Possible 2020 candidate Beto O’Rourke meets with young refugees at US-Mexico border

Flanked by a group of politicians from across the country, Texas Democrat Beto O’Rourke called on the public to pressure Donald Trump’s administration to close an immigrant detention centre in Tornillo which houses thousands of migrant children.

The congressman, who garnered national attention during his close-shot bid to unseat Republican incumbent Ted Cruz during the 2018 senatorial race in Texas, tweeted to say on Saturday: “There are 1,300 kids ready to leave to live with sponsors who have already been identified. But these children remain at Tornillo each day because this administration has deliberately prolonged the process of releasing them.”

Mr O’Rourke spoke with reporters outside of the detention centre on Saturday afternoon, bringing attention to the fact many of the young refugees had taken arduous journeys to arrive at the nation’s border — to wind up being housed in a facility separately from their families for months on end.

“When we attempted to speak with these children and ask how they’re doing — I was able to ask them the countries from which they came, I heard Guatemala and Honduras — ask about the conditions, they kind of nodded their heads, ‘it’s okay,’” the congressman said. “But what are they going to say when everyone around them is watching?”

“There was something on the look on their faces that we saw,” he added, “the way that that they weren’t really engaged in the sports that they were playing out in those fields — no place is going to be right unless it is with their parents or their families.”

The detention facilities in Tornillo have drawn backlash over a series of controversies related to their ever-expanding populations of young refugees and a lack of oversight surrounding the employees whose care they have been placed in.

The 13- to 17-year-olds held at Tornillo weren’t separated from their families at the border this summer. They remain in government custody in part because new federal requirements mandating more stringent background checks on their families have slowed their reunifications, filling shelter beds around the country to capacity.

Almost all the teens at both facilities entered the US on their own, hoping to join relatives or friends.

A government report found staff had not undergone FBI background checks or child welfare screenings before being hired to work at the Tornillo sites.

The screening at both sites would have involved searching Child Protective Services’ systems to see whether potential employees had a verified allegation of abuse, neglect or abandonment, which could range from having a foster child run away from a group home to failing to take a sick child to the hospital. These allegations often are not criminally prosecuted and therefore wouldn’t show up in other screenings.

Tornillo has 2,100 staff for about 2,300 teens.

The two facilities can operate unlicensed and without required checks because they are located on federal property and thus don’t have to comply with state child welfare laws.
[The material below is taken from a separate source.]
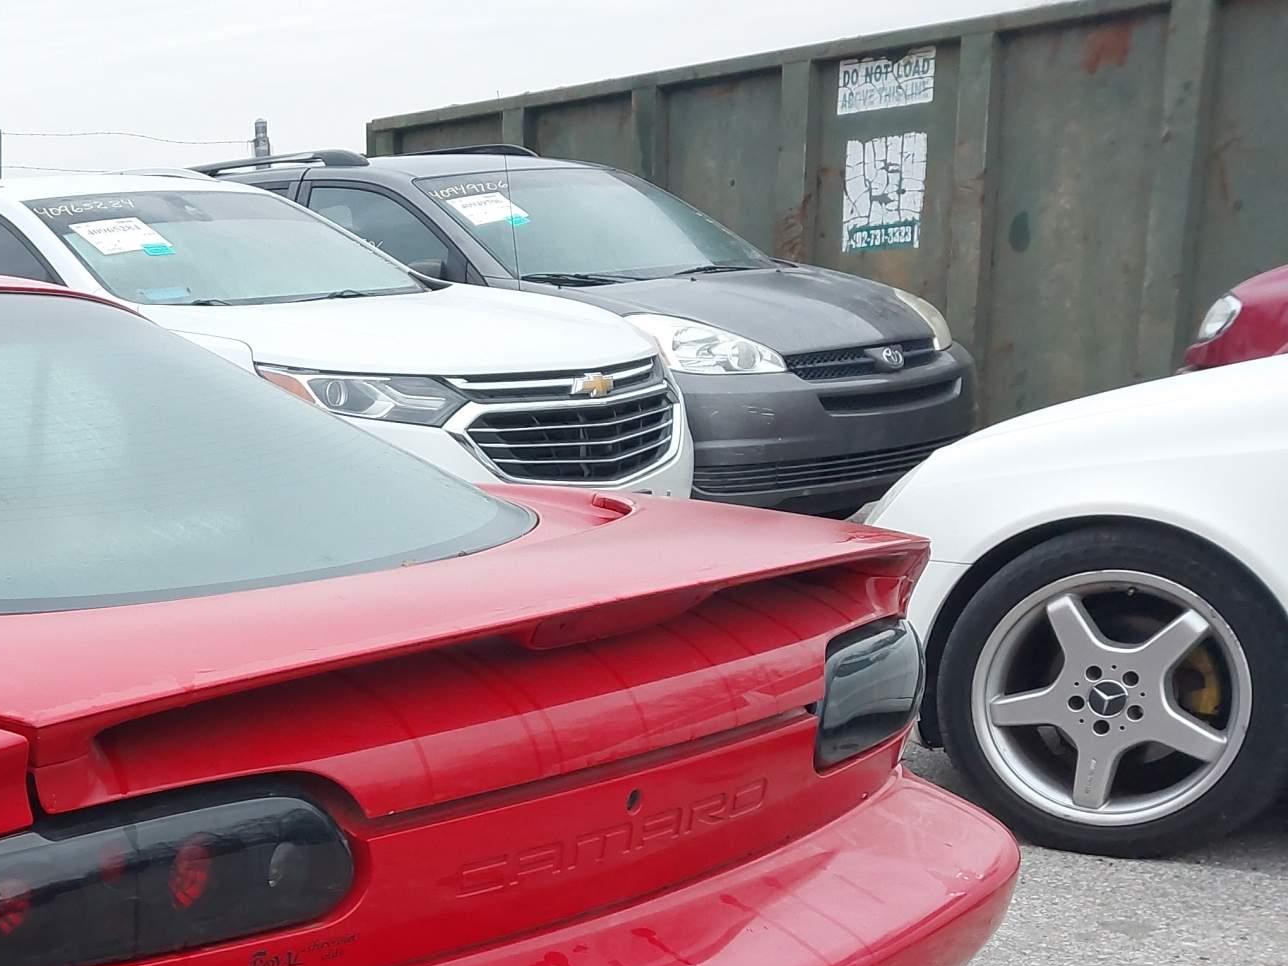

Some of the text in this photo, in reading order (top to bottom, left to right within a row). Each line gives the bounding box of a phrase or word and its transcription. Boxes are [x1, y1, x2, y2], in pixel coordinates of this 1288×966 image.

[842, 56, 930, 87] DO NOT LOAD
[456, 777, 768, 898] CAMARO
The government report said the screenings were waived at Tornillo because the agency was under pressure to open the camp quickly and the federal government erroneously assumed staff members already had FBI fingerprint checks. The sites began running programmes to put staff through background checks shortly after the government report was made public.

Mr O’Rourke, an El Paso congressman, is considering a bid against Mr Trump in the 2020 presidential campaign season and has spent recent speaking events criticising his administration over its hard-line stance on immigration, attacking the president’s demands for a border wall during a town hall earlier this week.

“The solution is not more walls. It’s not more partisanship and rhetoric. It’s making sure our laws match our values as a nation of immigrants, refugees, and asylum seekers the world over,” he tweeted shortly after the event.

The Obama administration opened Homestead as a temporary shelter for up to 800 migrant teens for 10 months in 2016. Since then, the federal government has budgeted more than $330m (£262m) for the for-profit company to operate the facility, according to an Associated Press review of federal contracts. The review found that Tornillo could cost taxpayers as much as $430m (£342m) this year.